About this task: Every entry below needs to be repeated exactly.
━━━━━━━━━━
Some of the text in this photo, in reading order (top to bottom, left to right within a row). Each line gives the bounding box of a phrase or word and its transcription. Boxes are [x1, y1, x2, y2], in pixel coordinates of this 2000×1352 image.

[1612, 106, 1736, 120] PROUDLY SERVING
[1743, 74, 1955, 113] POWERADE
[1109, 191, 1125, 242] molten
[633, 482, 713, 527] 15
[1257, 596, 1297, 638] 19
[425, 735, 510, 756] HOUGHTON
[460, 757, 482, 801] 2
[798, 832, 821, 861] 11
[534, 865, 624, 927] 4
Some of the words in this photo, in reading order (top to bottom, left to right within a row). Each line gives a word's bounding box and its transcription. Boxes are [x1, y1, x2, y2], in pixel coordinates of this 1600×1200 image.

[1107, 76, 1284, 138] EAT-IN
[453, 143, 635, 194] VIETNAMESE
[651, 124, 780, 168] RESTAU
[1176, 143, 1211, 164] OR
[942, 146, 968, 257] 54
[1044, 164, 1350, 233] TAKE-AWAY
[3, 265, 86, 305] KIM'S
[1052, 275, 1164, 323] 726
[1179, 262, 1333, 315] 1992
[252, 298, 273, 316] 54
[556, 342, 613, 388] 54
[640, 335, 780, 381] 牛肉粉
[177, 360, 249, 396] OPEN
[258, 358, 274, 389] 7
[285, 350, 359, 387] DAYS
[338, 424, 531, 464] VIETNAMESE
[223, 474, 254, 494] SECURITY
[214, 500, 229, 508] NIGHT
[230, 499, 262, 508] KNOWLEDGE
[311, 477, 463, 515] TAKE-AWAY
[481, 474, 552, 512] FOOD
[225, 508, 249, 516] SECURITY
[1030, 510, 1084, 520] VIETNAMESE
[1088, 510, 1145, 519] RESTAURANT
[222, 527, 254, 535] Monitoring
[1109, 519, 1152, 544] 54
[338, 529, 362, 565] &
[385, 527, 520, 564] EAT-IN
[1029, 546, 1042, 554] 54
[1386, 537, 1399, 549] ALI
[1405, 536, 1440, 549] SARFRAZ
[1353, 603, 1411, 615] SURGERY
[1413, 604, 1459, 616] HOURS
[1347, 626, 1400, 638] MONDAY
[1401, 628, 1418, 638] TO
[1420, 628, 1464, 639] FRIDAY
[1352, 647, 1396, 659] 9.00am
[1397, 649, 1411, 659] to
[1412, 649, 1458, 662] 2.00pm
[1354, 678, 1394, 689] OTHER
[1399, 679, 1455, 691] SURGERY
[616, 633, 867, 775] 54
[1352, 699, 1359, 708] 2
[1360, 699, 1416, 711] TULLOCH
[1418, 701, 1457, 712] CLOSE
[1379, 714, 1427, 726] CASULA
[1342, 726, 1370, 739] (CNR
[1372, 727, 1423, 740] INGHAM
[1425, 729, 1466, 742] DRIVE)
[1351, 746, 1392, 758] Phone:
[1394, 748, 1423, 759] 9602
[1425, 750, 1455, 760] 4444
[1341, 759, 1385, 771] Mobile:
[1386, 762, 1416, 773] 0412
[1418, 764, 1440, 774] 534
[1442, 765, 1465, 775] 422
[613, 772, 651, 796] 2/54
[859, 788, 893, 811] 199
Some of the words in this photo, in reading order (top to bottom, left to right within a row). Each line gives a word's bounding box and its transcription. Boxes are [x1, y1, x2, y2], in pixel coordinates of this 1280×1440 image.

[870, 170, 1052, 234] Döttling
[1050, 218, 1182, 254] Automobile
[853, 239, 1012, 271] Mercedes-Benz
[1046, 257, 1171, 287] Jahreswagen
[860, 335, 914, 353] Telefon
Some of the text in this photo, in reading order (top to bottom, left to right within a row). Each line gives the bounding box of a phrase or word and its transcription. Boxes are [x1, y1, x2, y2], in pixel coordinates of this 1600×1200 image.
━━━━━━━━━━
Response for this exercise:
Some of the text in this photo, in reading order (top to bottom, left to right within a row). Each line gives the bounding box of a phrase or word and its transcription. Boxes are [x1, y1, x2, y2], in pixel coordinates of this 2000×1352 image.

[1612, 106, 1736, 120] PROUDLY SERVING
[1743, 74, 1955, 113] POWERADE
[1109, 191, 1125, 242] molten
[633, 482, 713, 527] 15
[1257, 596, 1297, 638] 19
[425, 735, 510, 756] HOUGHTON
[460, 757, 482, 801] 2
[798, 832, 821, 861] 11
[534, 865, 624, 927] 4
Some of the words in this photo, in reading order (top to bottom, left to right within a row). Each line gives a word's bounding box and its transcription. Boxes are [x1, y1, x2, y2], in pixel coordinates of this 1600×1200 image.

[1107, 76, 1284, 138] EAT-IN
[453, 143, 635, 194] VIETNAMESE
[651, 124, 780, 168] RESTAU
[1176, 143, 1211, 164] OR
[942, 146, 968, 257] 54
[1044, 164, 1350, 233] TAKE-AWAY
[3, 265, 86, 305] KIM'S
[1052, 275, 1164, 323] 726
[1179, 262, 1333, 315] 1992
[252, 298, 273, 316] 54
[556, 342, 613, 388] 54
[640, 335, 780, 381] 牛肉粉
[177, 360, 249, 396] OPEN
[258, 358, 274, 389] 7
[285, 350, 359, 387] DAYS
[338, 424, 531, 464] VIETNAMESE
[223, 474, 254, 494] SECURITY
[214, 500, 229, 508] NIGHT
[230, 499, 262, 508] KNOWLEDGE
[311, 477, 463, 515] TAKE-AWAY
[481, 474, 552, 512] FOOD
[225, 508, 249, 516] SECURITY
[1030, 510, 1084, 520] VIETNAMESE
[1088, 510, 1145, 519] RESTAURANT
[222, 527, 254, 535] Monitoring
[1109, 519, 1152, 544] 54
[338, 529, 362, 565] &
[385, 527, 520, 564] EAT-IN
[1029, 546, 1042, 554] 54
[1386, 537, 1399, 549] ALI
[1405, 536, 1440, 549] SARFRAZ
[1353, 603, 1411, 615] SURGERY
[1413, 604, 1459, 616] HOURS
[1347, 626, 1400, 638] MONDAY
[1401, 628, 1418, 638] TO
[1420, 628, 1464, 639] FRIDAY
[1352, 647, 1396, 659] 9.00am
[1397, 649, 1411, 659] to
[1412, 649, 1458, 662] 2.00pm
[1354, 678, 1394, 689] OTHER
[1399, 679, 1455, 691] SURGERY
[616, 633, 867, 775] 54
[1352, 699, 1359, 708] 2
[1360, 699, 1416, 711] TULLOCH
[1418, 701, 1457, 712] CLOSE
[1379, 714, 1427, 726] CASULA
[1342, 726, 1370, 739] (CNR
[1372, 727, 1423, 740] INGHAM
[1425, 729, 1466, 742] DRIVE)
[1351, 746, 1392, 758] Phone:
[1394, 748, 1423, 759] 9602
[1425, 750, 1455, 760] 4444
[1341, 759, 1385, 771] Mobile:
[1386, 762, 1416, 773] 0412
[1418, 764, 1440, 774] 534
[1442, 765, 1465, 775] 422
[613, 772, 651, 796] 2/54
[859, 788, 893, 811] 199
Some of the words in this photo, in reading order (top to bottom, left to right within a row). Each line gives a word's bounding box and its transcription. Boxes are [x1, y1, x2, y2], in pixel coordinates of this 1280×1440 image.

[870, 170, 1052, 234] Döttling
[1050, 218, 1182, 254] Automobile
[853, 239, 1012, 271] Mercedes-Benz
[1046, 257, 1171, 287] Jahreswagen
[860, 335, 914, 353] Telefon
Some of the text in this photo, in reading order (top to bottom, left to right within a row). Each line gives the bounding box of a phrase or word and its transcription. Boxes are [x1, y1, x2, y2], in pixel coordinates of this 1600×1200 image.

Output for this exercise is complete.